DATA:
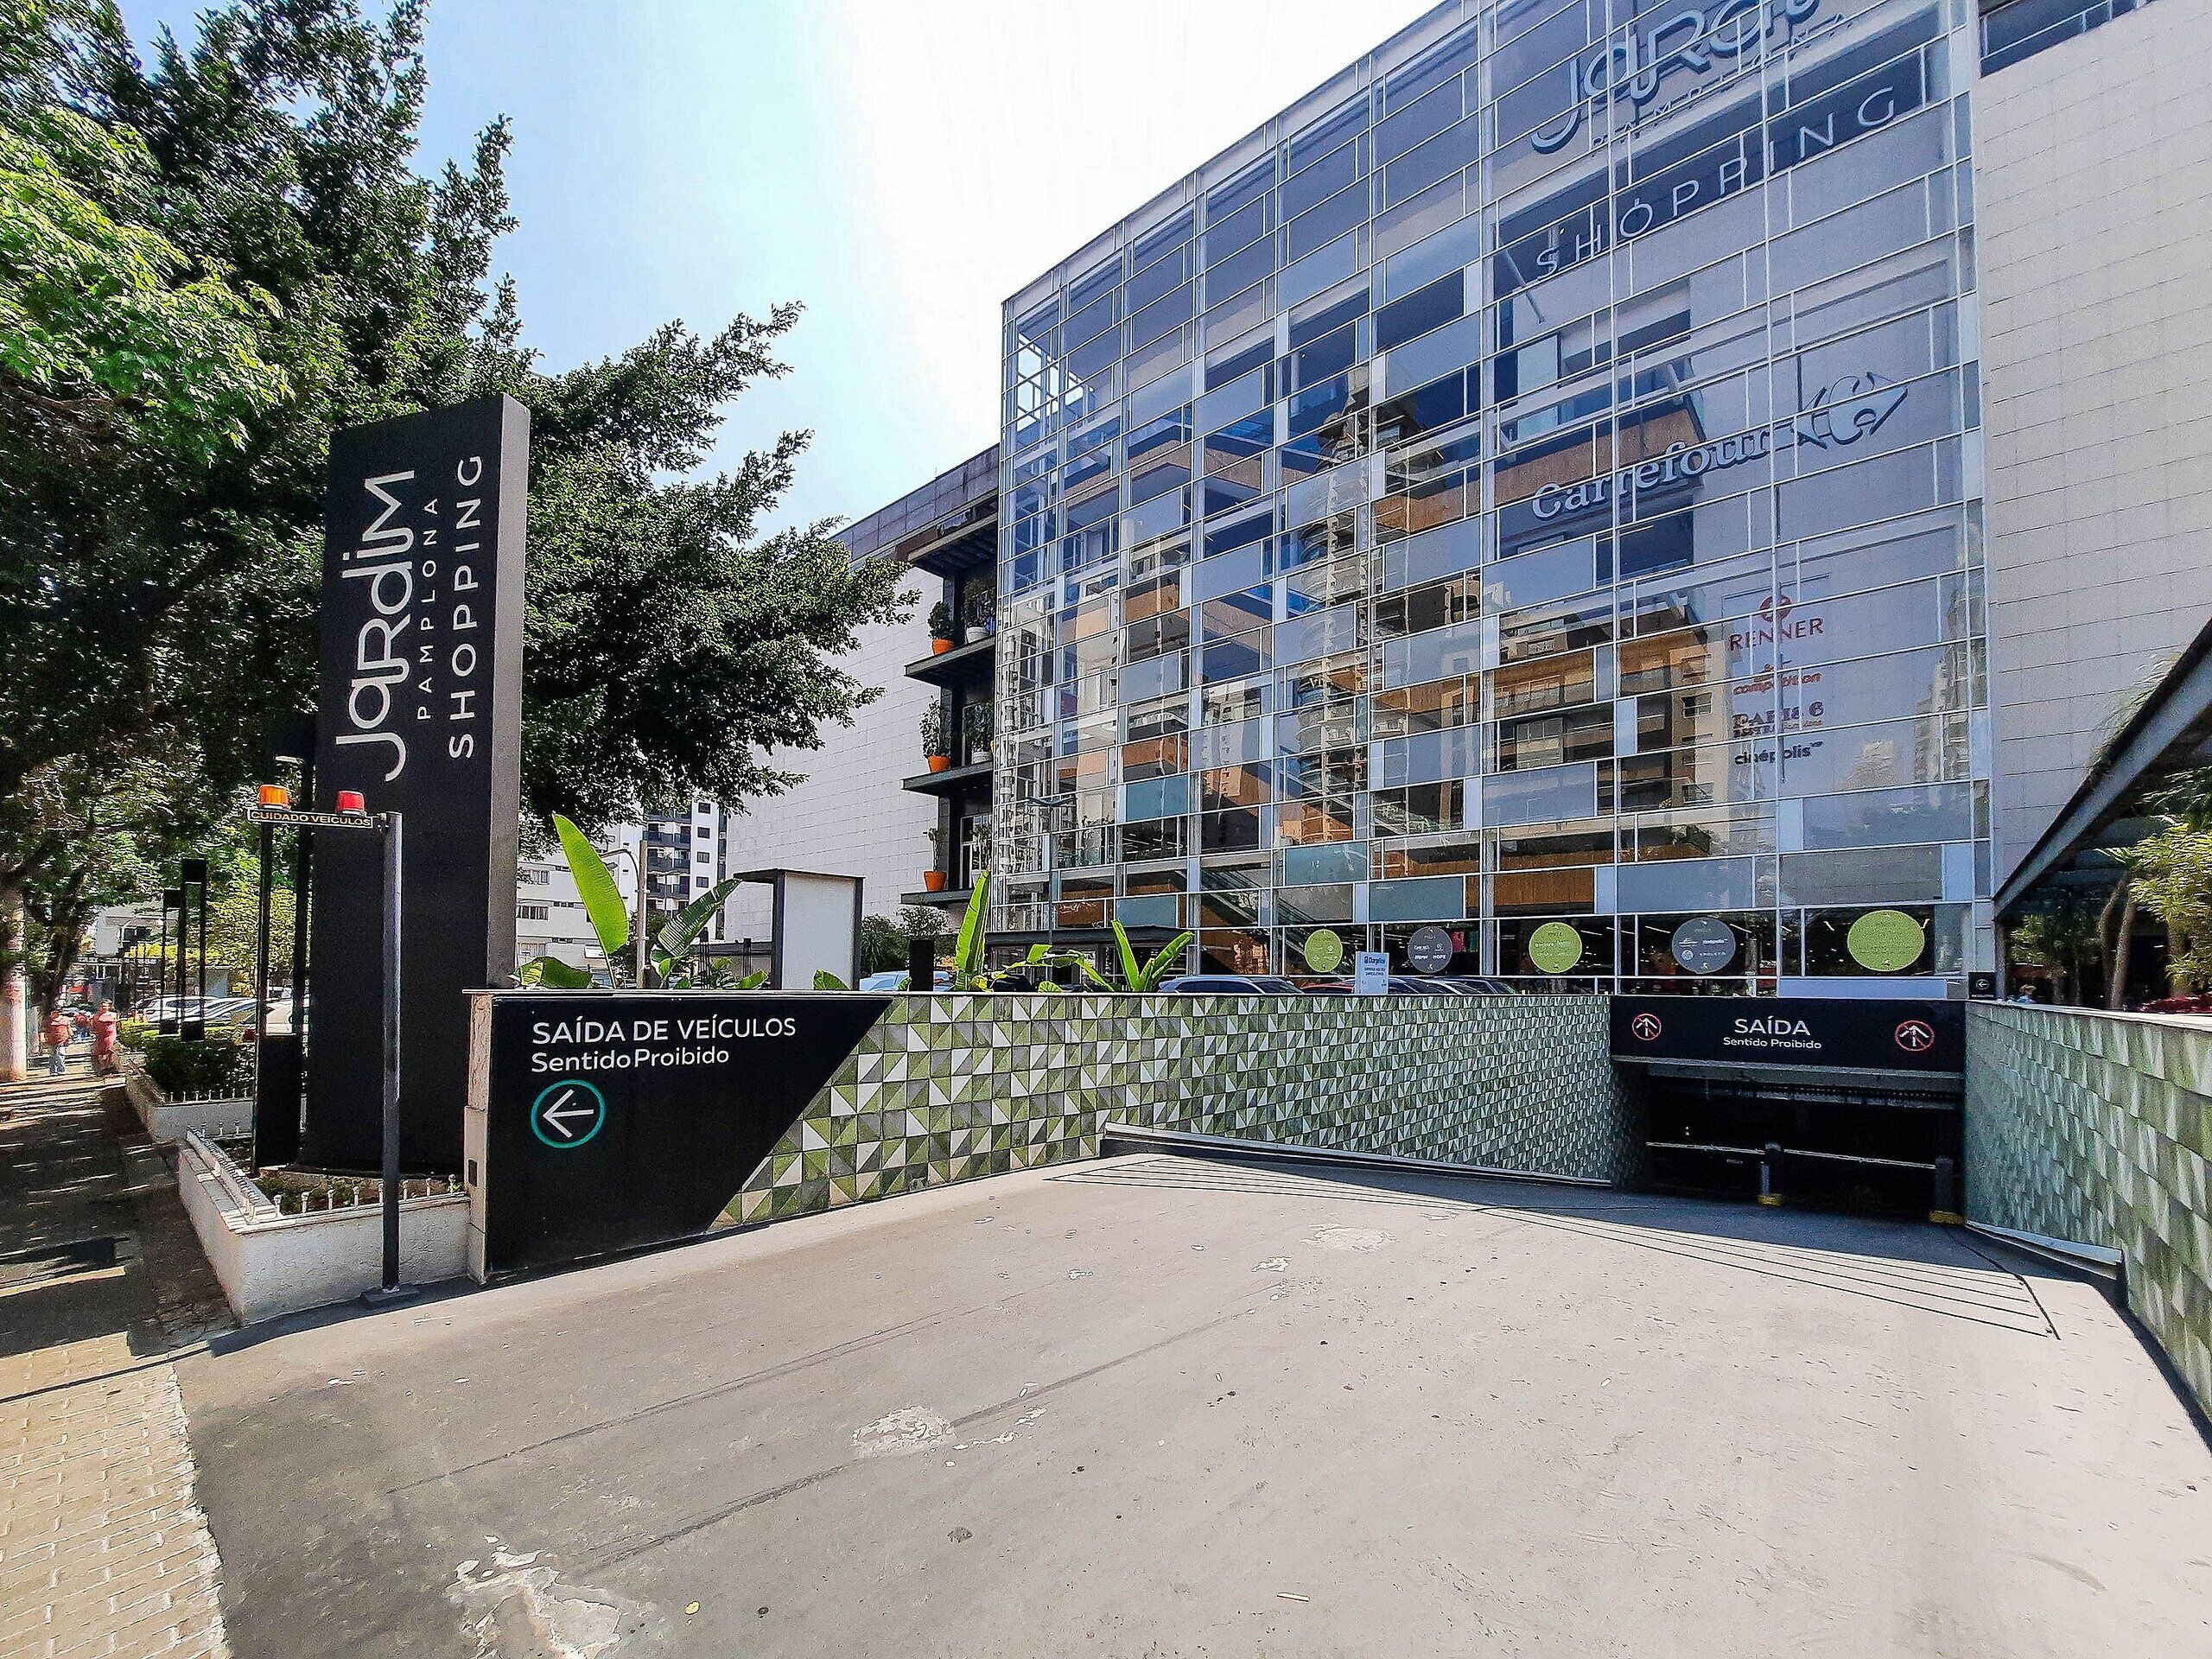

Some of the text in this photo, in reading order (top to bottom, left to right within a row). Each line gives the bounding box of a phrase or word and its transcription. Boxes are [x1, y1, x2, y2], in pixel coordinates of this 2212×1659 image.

[1535, 86, 1894, 276] SHOPPING
[1531, 428, 1770, 519] Carrefour
[416, 497, 439, 721] PAMPLONA
[448, 455, 483, 759] SHOPPING
[1729, 617, 1824, 652] RENNER
[1808, 701, 1824, 717] 6
[251, 811, 371, 826] CUIDADO VEICULOS
[531, 1013, 797, 1046] SAÍDA DE VEÍCULOS
[1734, 1015, 1811, 1036] SAÍDA
[531, 1046, 730, 1073] Sentido Proibido
[1723, 1037, 1822, 1049] Sentido Proibido
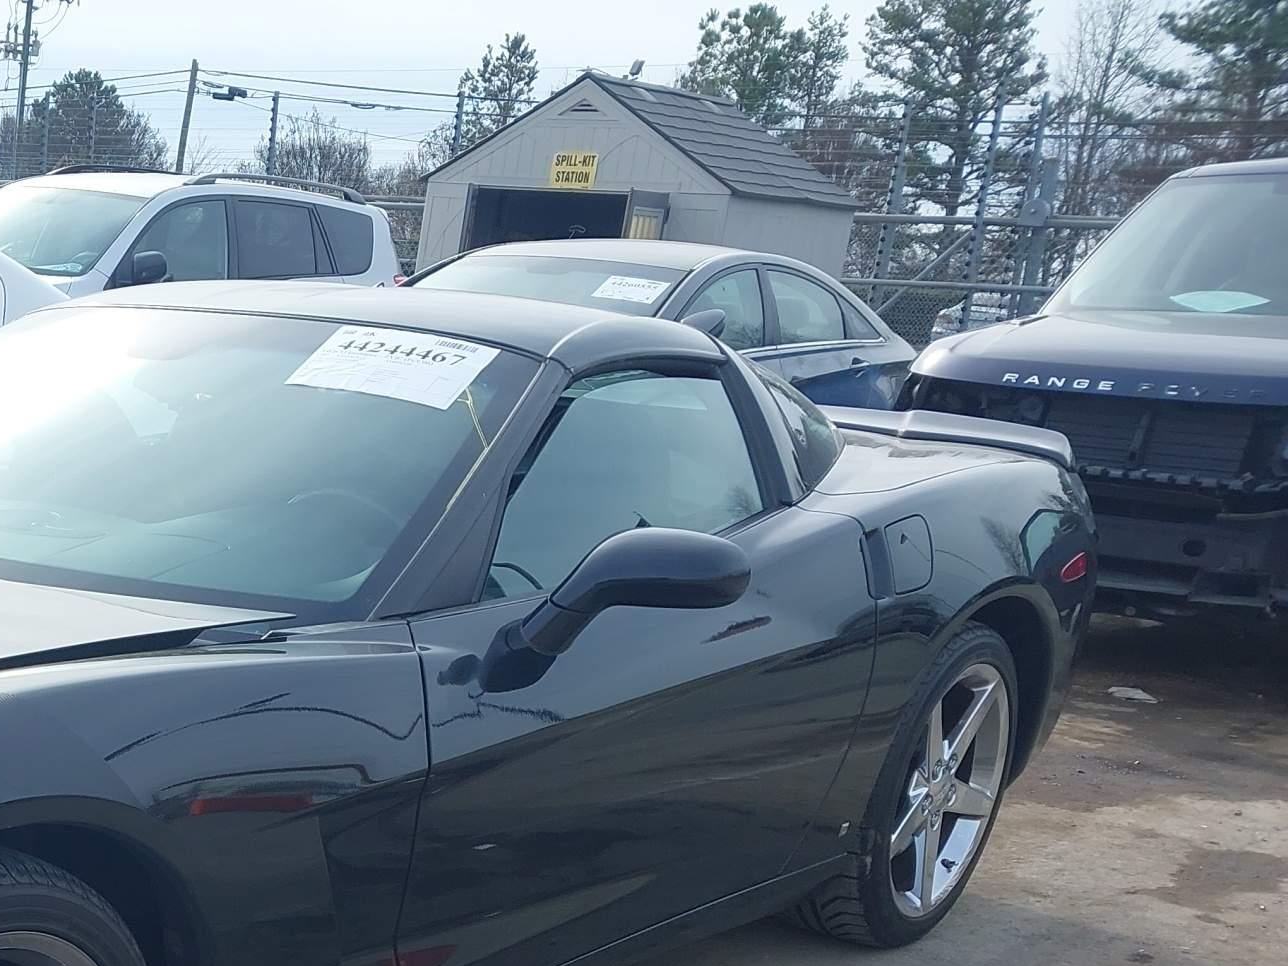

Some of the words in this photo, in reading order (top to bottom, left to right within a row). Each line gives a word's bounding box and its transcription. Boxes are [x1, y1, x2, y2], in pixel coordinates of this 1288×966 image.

[555, 154, 597, 167] SPILL-KIT
[555, 170, 591, 184] STATION
[338, 338, 466, 366] 44244467
[1002, 373, 1115, 391] RANGE

TASK PROMPT: Only the lines from the one containing "Some of the words" through the last line of the material should be returned, each one exactly as written.

FINISHED EXERCISE:
Some of the words in this photo, in reading order (top to bottom, left to right within a row). Each line gives a word's bounding box and its transcription. Boxes are [x1, y1, x2, y2], in pixel coordinates of this 1288×966 image.

[555, 154, 597, 167] SPILL-KIT
[555, 170, 591, 184] STATION
[338, 338, 466, 366] 44244467
[1002, 373, 1115, 391] RANGE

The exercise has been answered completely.